(Instructions for the task): Copy the listing as it is written, and leave each picture out.
----
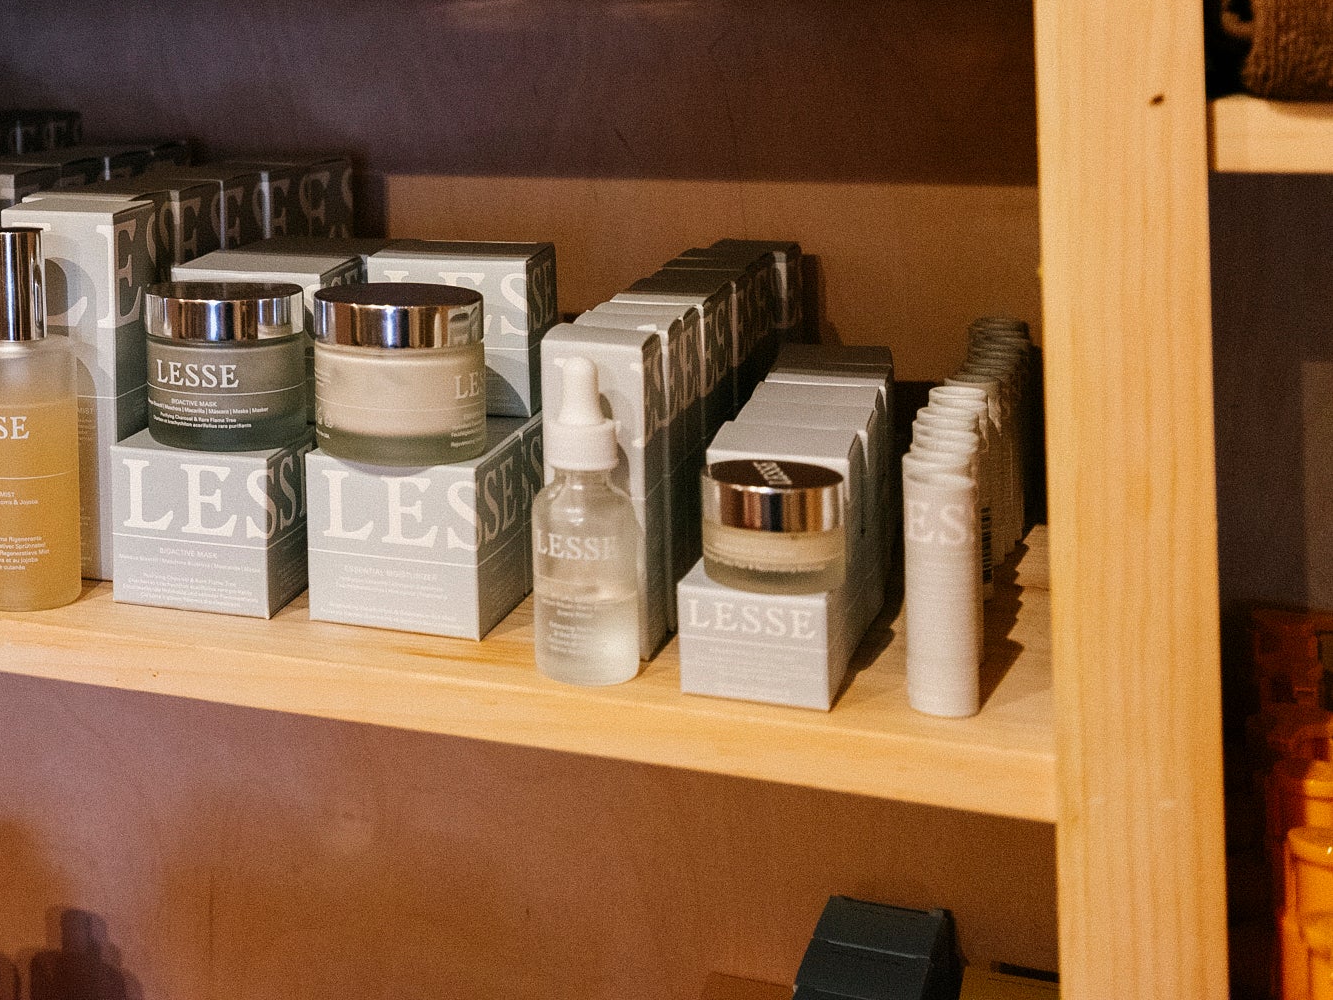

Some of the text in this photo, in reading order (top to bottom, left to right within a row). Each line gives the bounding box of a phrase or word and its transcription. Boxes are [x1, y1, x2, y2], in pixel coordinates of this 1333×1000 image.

[157, 359, 239, 388] LESSE
[322, 456, 516, 551] LESSE
[688, 598, 816, 639] LESSE
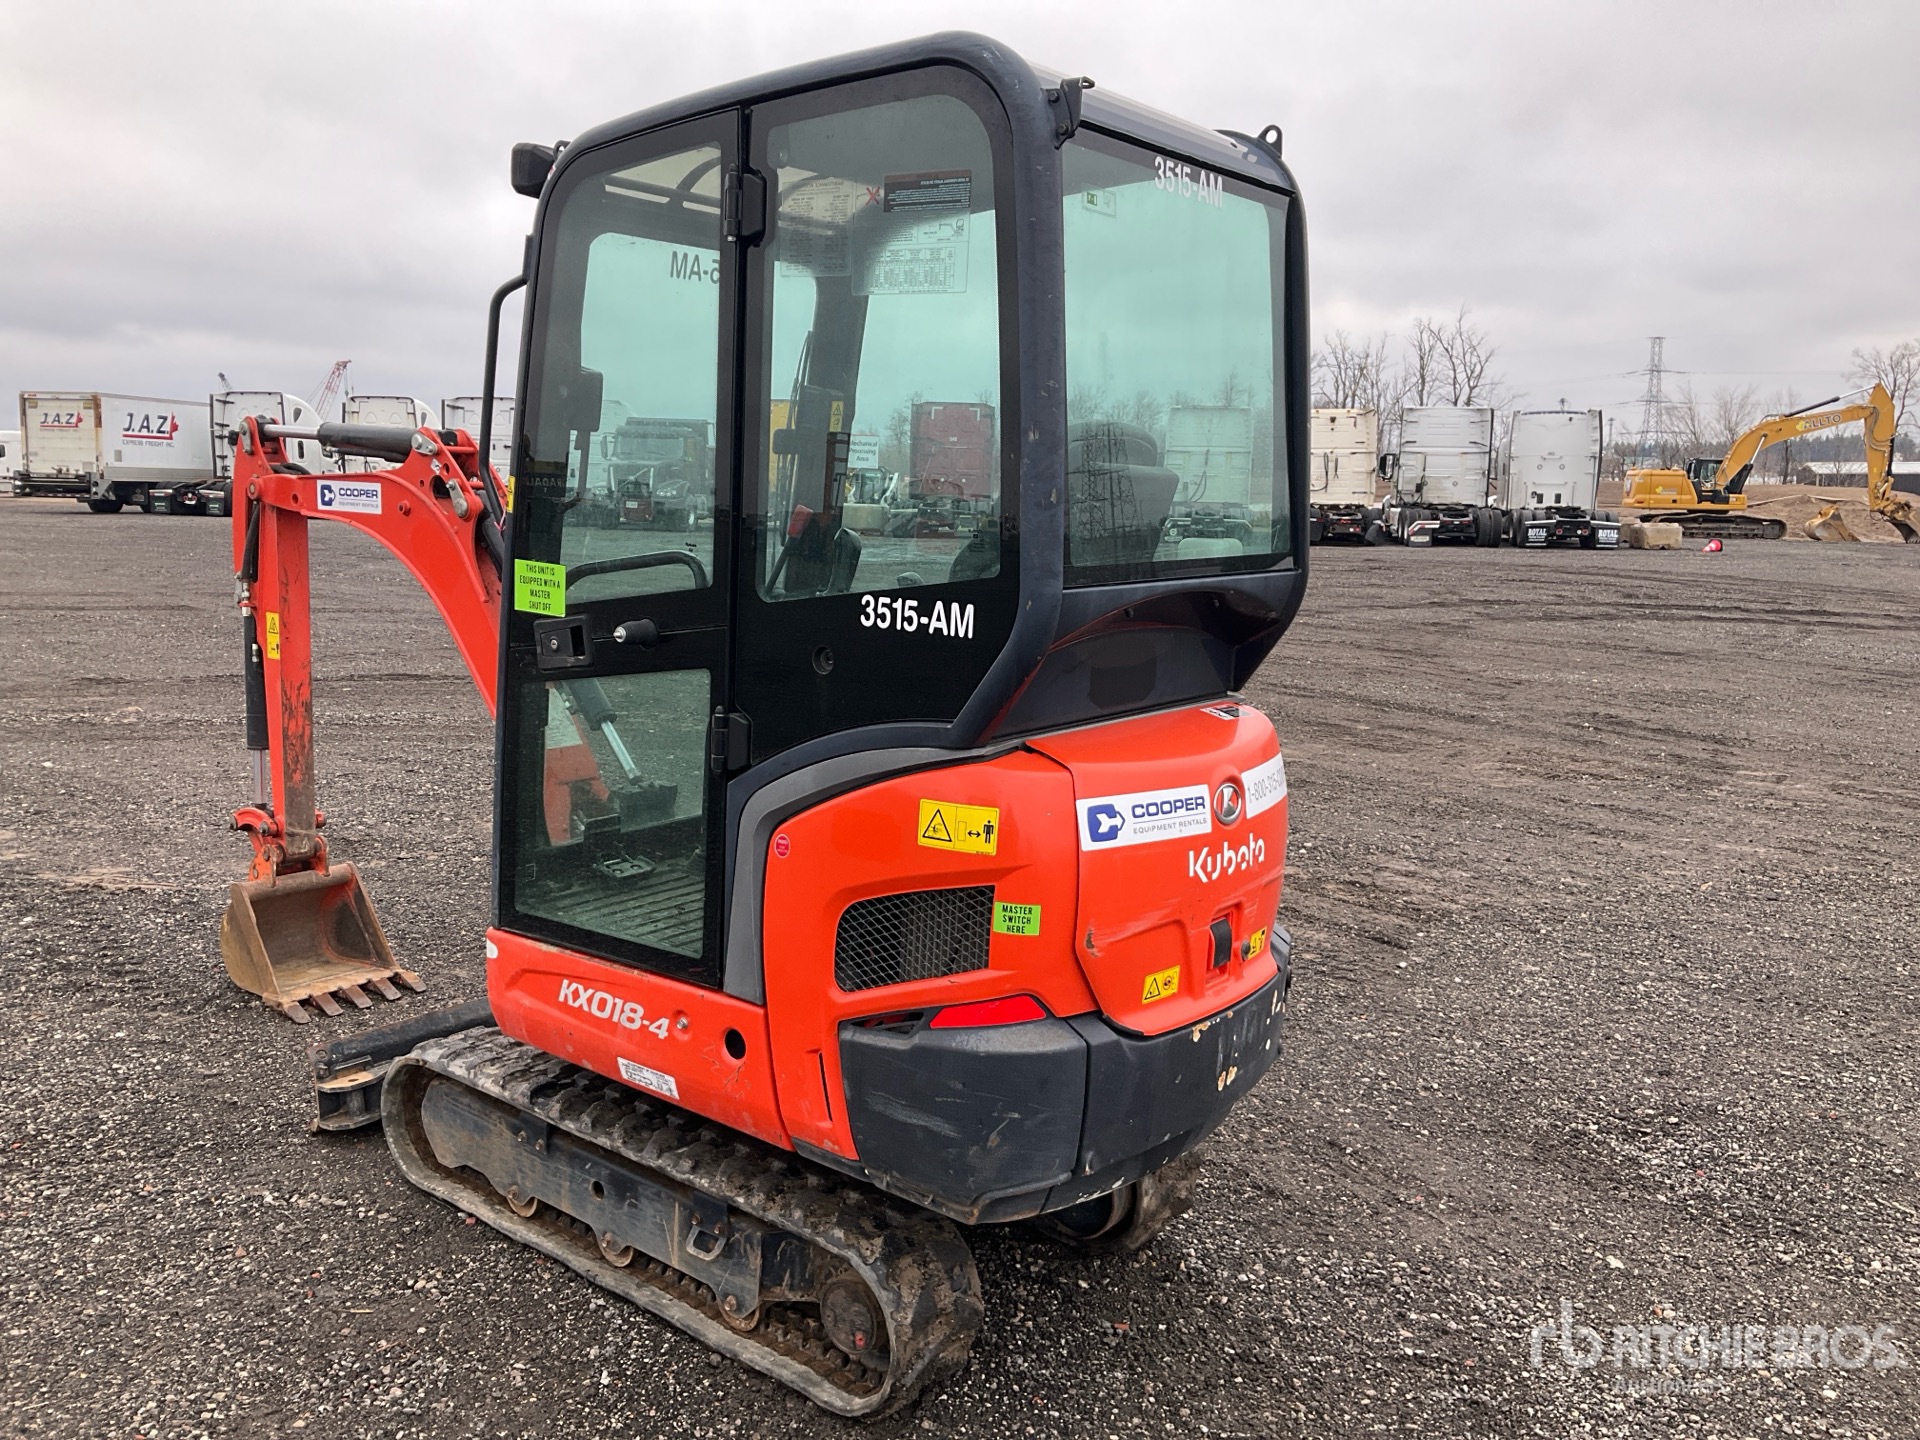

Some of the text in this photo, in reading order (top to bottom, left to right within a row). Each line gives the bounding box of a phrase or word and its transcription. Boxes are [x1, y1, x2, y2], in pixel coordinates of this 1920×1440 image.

[1154, 156, 1223, 208] 3515-AM
[122, 411, 170, 434] J.A.Z.
[338, 487, 379, 499] COOPER
[1527, 528, 1547, 537] ROYAL
[1598, 529, 1619, 538] ROYAL
[526, 564, 555, 576] THIS UNIT IS
[519, 575, 561, 589] EQUIPPED WITH A
[530, 589, 550, 599] MASTER
[529, 601, 551, 611] SHUT OFF
[860, 594, 975, 639] 3515-AM
[1131, 796, 1206, 819] COOPER
[1133, 817, 1208, 835] EQUIPMENT RENTALS
[1188, 832, 1265, 884] Kubota
[1001, 904, 1033, 915] MASTER
[1002, 914, 1032, 925] SWITCH
[1006, 925, 1026, 934] HERE
[558, 978, 670, 1040] KX018-4
----
(Result of the exercise):
Some of the text in this photo, in reading order (top to bottom, left to right within a row). Each line gives the bounding box of a phrase or word and its transcription. Boxes are [x1, y1, x2, y2], in pixel coordinates of this 1333×1000 image.

[157, 359, 239, 388] LESSE
[322, 456, 516, 551] LESSE
[688, 598, 816, 639] LESSE

Some of the text in this photo, in reading order (top to bottom, left to right within a row). Each line gives the bounding box of a phrase or word and its transcription. Boxes are [x1, y1, x2, y2], in pixel coordinates of this 1920×1440 image.

[1154, 156, 1223, 208] 3515-AM
[122, 411, 170, 434] J.A.Z.
[338, 487, 379, 499] COOPER
[1527, 528, 1547, 537] ROYAL
[1598, 529, 1619, 538] ROYAL
[526, 564, 555, 576] THIS UNIT IS
[519, 575, 561, 589] EQUIPPED WITH A
[530, 589, 550, 599] MASTER
[529, 601, 551, 611] SHUT OFF
[860, 594, 975, 639] 3515-AM
[1131, 796, 1206, 819] COOPER
[1133, 817, 1208, 835] EQUIPMENT RENTALS
[1188, 832, 1265, 884] Kubota
[1001, 904, 1033, 915] MASTER
[1002, 914, 1032, 925] SWITCH
[1006, 925, 1026, 934] HERE
[558, 978, 670, 1040] KX018-4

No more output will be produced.